I think i’m having a bit of crisis at the moment, and I’m having this crisis in quiet. I’ve decided to come here and write down whats going on in my head because I cant really find the words to tell a person, so maybe you lot can just read it and that’ll be fine. But just to be warned, I am really struggling to find words to talk about it. I’ve got to somehow come to terms with the person i am, and i have no idea how to fix it. I use this space to verbally think about what’s going on in my head, and i’m really going to do just that.
firstly, I had been taking musical theatre dance classes for a few months. I started these classes because I wanted to meet people. I wanted to socialize, be a part of something, and mainly, make some friends. These classes were great, for none of these reasons. I’ve been trying to get fitter and healthier, and these dance classes were helping with this, but I would say a few words during the whole class and then i’d sit on my own, pack up my stuff and go home. somehow doing something with so many people made me feel really lonely. Another big problem I had was the weight of expectation the people I knew had. They all thought it was great I was doing these classes, and yes, it really was a big step for me. I was getting out of the house, interacting with the real world, and making myself vulnerable. people were really encouraged by my move. Little did they know I was hurting every time I went. I felt I had to keep going because of the expectations I had set, but I couldn’t stand the pain I had when I got in my car at the end and my heart broke a little. After months of deliberation I decided I wouldn’t continue, and I was frightened of telling people, but I did, and i’m not sure if it was completely OK with everyone, but there you go.
I’m actually stalling from writing what I wanted to write. anyway, I felt like there was more to leaving dance classes than I could see on the surface, so as I do with all things I gave it a lot of thought, and this is what I came up with. I have no friends from years ago. in fact I don’t really have many friends, and none I see even sort of regularly, in fact I see them once a year, and even then those friends really were my fathers friends first. I sort of piggy backed for those friends. Argh! Anyway, no friends, and I haven’t kept friends. I’ve never been in a career. I did stay in a job for 4 years but it made me miserable, and towards the end of that time i was having months off work. I haven’t stuck to any hobby ever. I never follow through with plans. It seems I can’t commit. I cant commit to work, friends, not even family. It took me a few days to figure this out completely, then I started thinking about why i couldn’t commit to anything.
i’m scared i’m not passionate enough about anything to commit. I’m scared of relationships. I want company but I don’t really want a girlfriend, but actually I do, but I don’t because things might go wrong. I’m scared to go into work again because I might fall apart again, failing at what a human being is supposed to be. And I do wonder if I don’t commit to hobbies because, actually, if I followed through with a passion someone will judge me for who I’ve decided to become. Wow, that’s really true. imagine deciding to be a type of person and losing everything that you did have just because you took a path that doesn’t agree with your current life. This scares the life out of me. I didn’t want to admit it but all of this is true. I’m a scared person, who’s worried they might fall to pieces, and if I don’t fall to pieces myself, my life will fall to pieces around me.
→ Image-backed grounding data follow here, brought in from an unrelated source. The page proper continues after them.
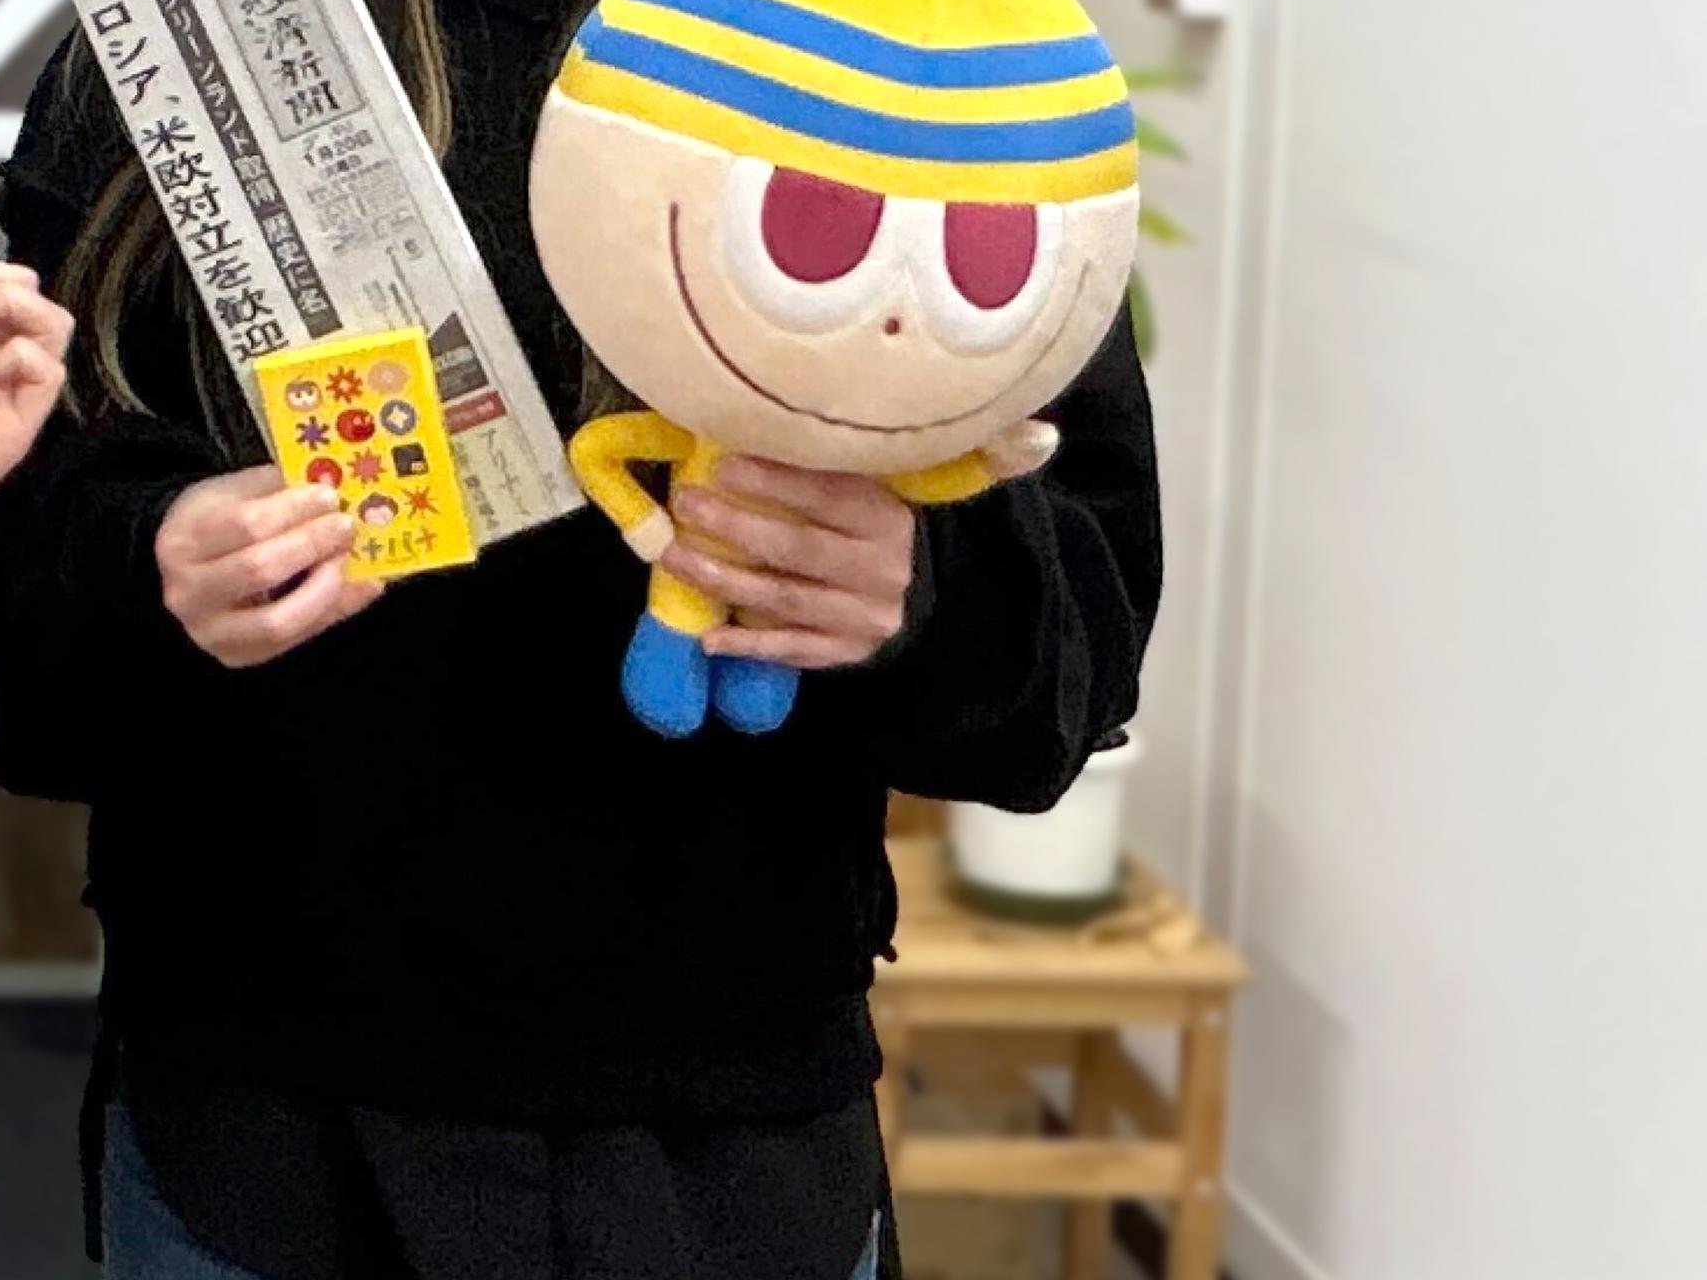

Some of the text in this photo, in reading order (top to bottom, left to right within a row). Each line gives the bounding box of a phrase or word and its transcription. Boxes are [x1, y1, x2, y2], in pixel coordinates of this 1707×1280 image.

[90, 0, 289, 363] ロシア、米欧対立を歓迎
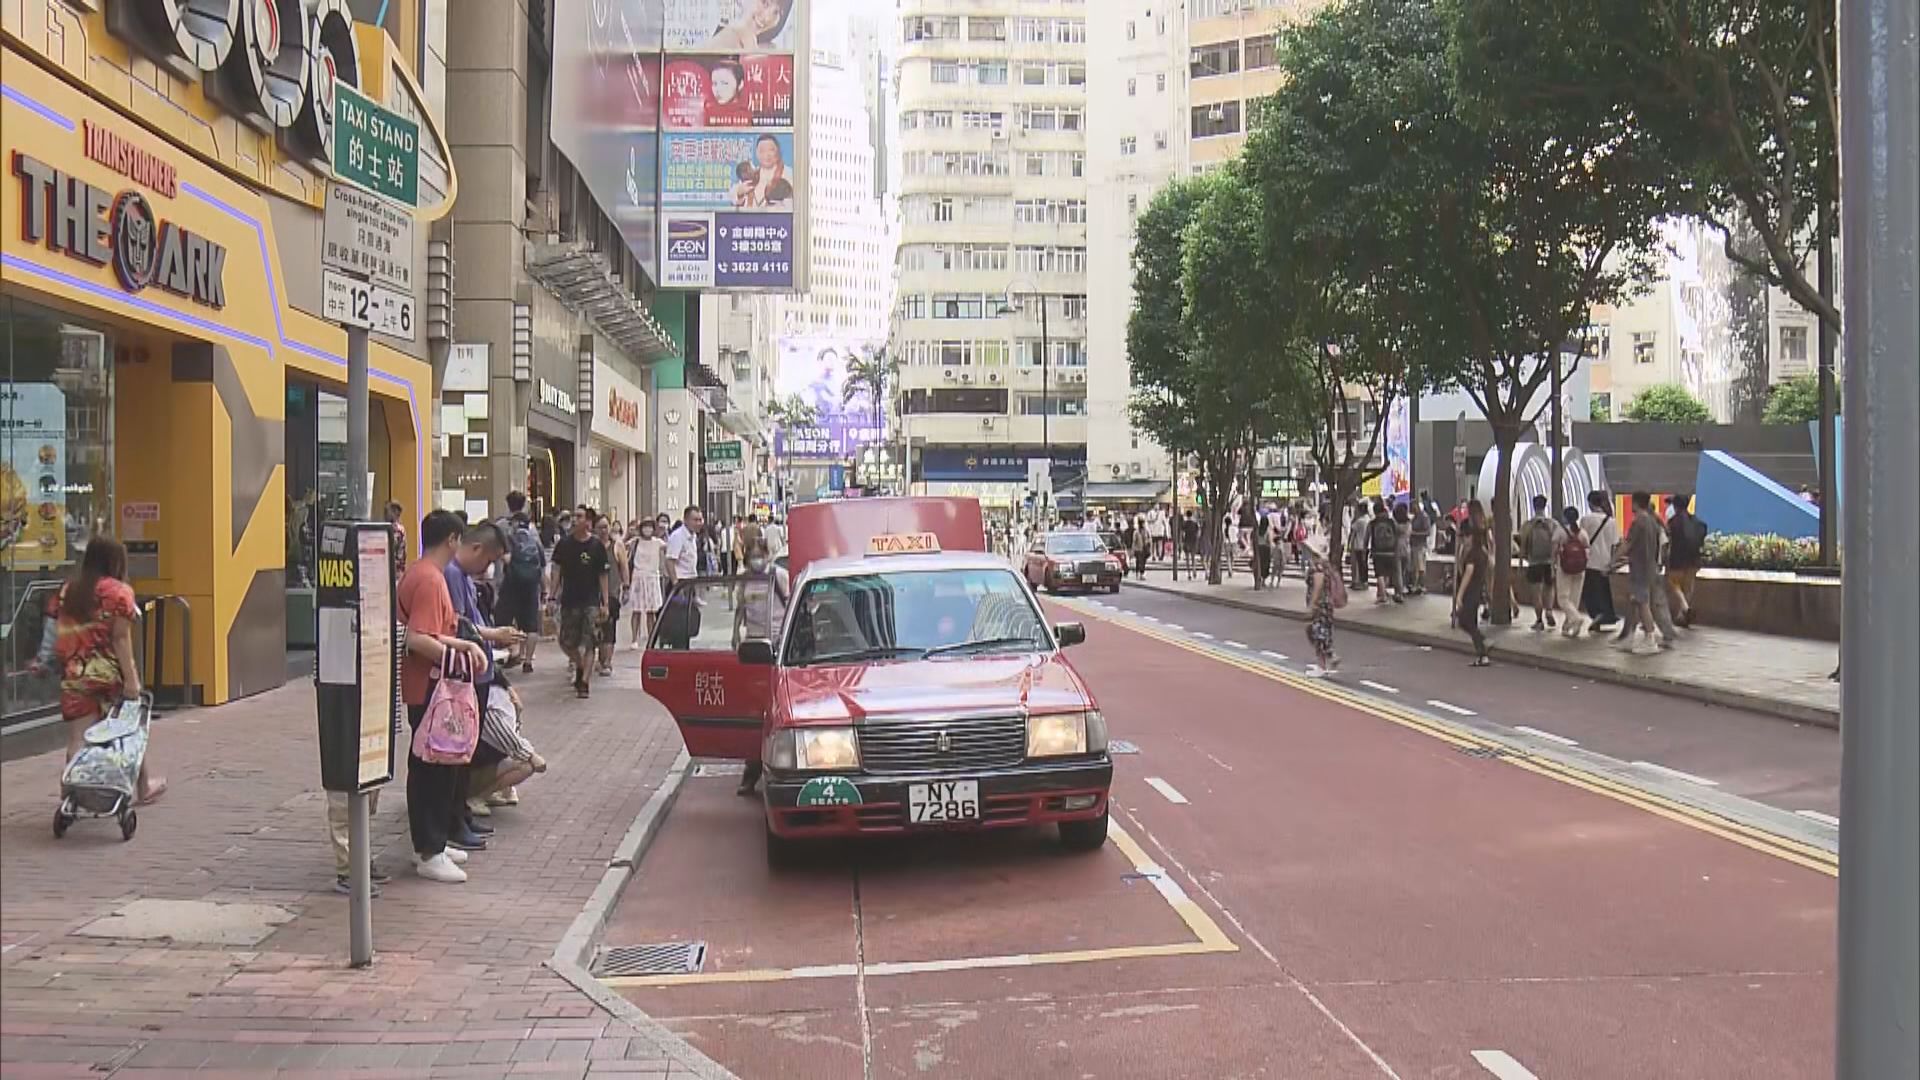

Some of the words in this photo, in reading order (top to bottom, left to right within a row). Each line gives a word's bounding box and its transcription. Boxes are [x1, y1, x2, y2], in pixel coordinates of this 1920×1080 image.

[340, 97, 368, 132] TAXI
[370, 115, 414, 154] STAND
[82, 117, 178, 200] TRANSFORMERS
[348, 133, 405, 189] 的士站
[11, 148, 114, 269] THE
[155, 218, 227, 310] ARK
[346, 207, 369, 224] single
[380, 222, 400, 238] charge
[762, 261, 789, 273] 4116
[328, 279, 347, 294] noon
[384, 297, 395, 308] am
[400, 303, 411, 332] 6
[328, 296, 346, 317] 中午
[872, 535, 932, 552] TAXI
[318, 558, 354, 588] WAIS
[695, 671, 724, 688] 的士
[696, 687, 725, 706] TAXI
[822, 785, 835, 797] 4
[927, 782, 958, 801] NY
[911, 800, 977, 822] 7286
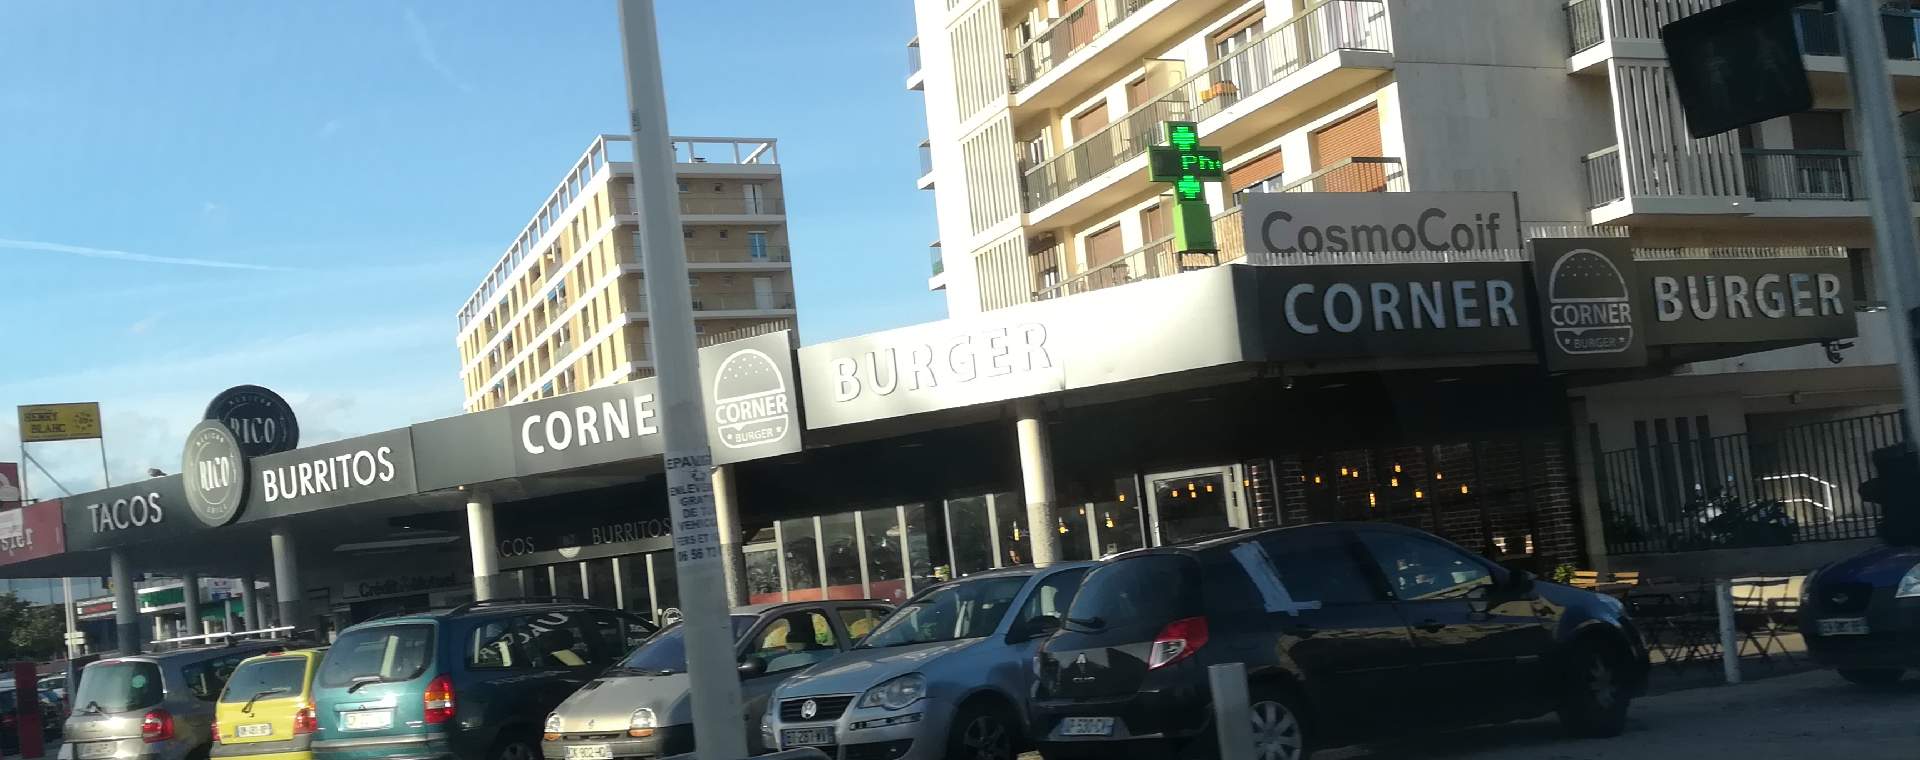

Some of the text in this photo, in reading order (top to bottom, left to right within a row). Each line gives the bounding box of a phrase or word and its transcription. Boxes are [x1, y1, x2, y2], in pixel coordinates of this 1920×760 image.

[1260, 208, 1501, 254] CosmoCoif
[1284, 272, 1845, 334] CORNER BURGER
[1550, 302, 1633, 327] CORNER
[831, 322, 1053, 403] BURGER
[1573, 335, 1618, 350] BURGER
[520, 392, 659, 455] CORNE
[714, 394, 789, 426] CORNER
[734, 426, 774, 443] BURGER
[199, 456, 230, 491] RICO
[262, 446, 395, 502] BURRITOS
[87, 492, 163, 533] TACOS
[499, 536, 535, 558] COS
[592, 517, 672, 545] BURRITOS
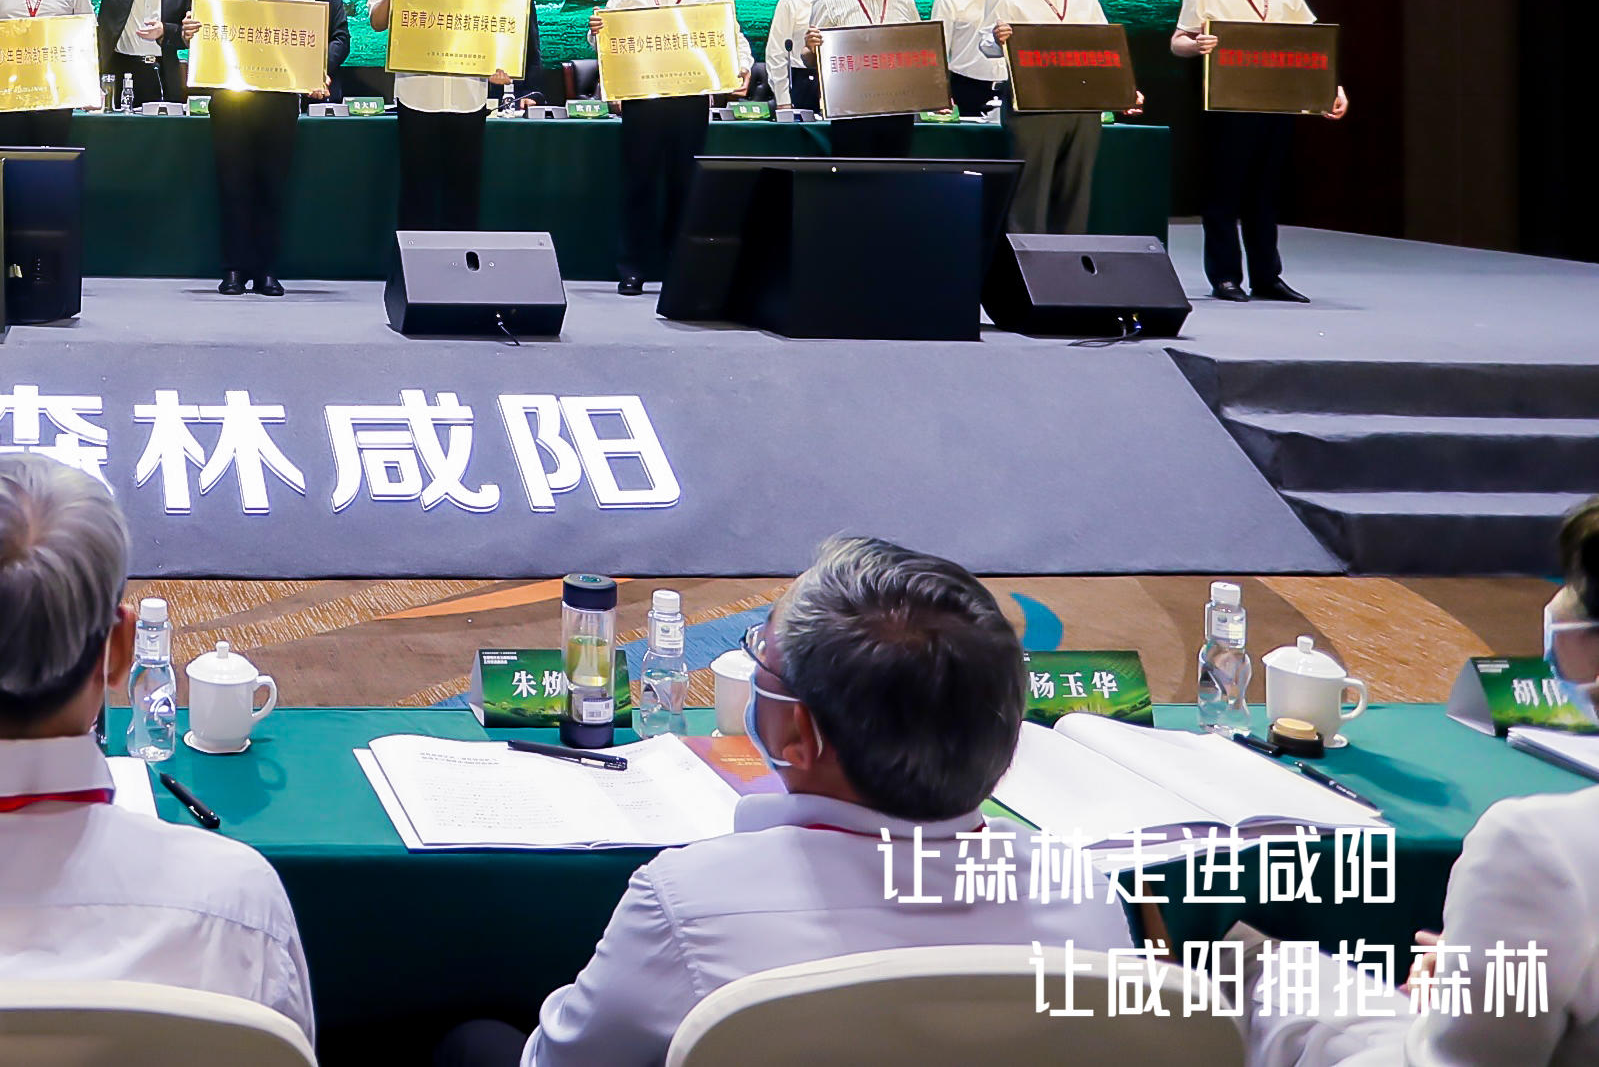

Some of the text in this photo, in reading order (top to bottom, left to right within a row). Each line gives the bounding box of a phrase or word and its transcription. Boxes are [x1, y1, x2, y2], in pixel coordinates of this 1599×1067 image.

I hate thinking, but all the stuff that I’ve thought about is true. I don’t know what to do. I’ve currently got something really good occurring in my life and i’m scared its all going to go wrong. I know it wont be long before I start giving some serious thought to running away from this as well. I don’t think anyone has the answer to this. This is obviously a fear of something, and I cant be the only person to have had this issue, after all there are seven billion people on the planet.
I think one certainty is that this is linked to my mental illness. I’m not sure if this is part of the personality disorder diagnosis that I was given. I don’t think this is delusional thinking so i’m ruling out my psychosis. There is something wrong here. From experience therapy hasn’t helped with this sort of thing. I just feel like I really need to get my life in order but i’m stopping myself through fear it’ll go wrong.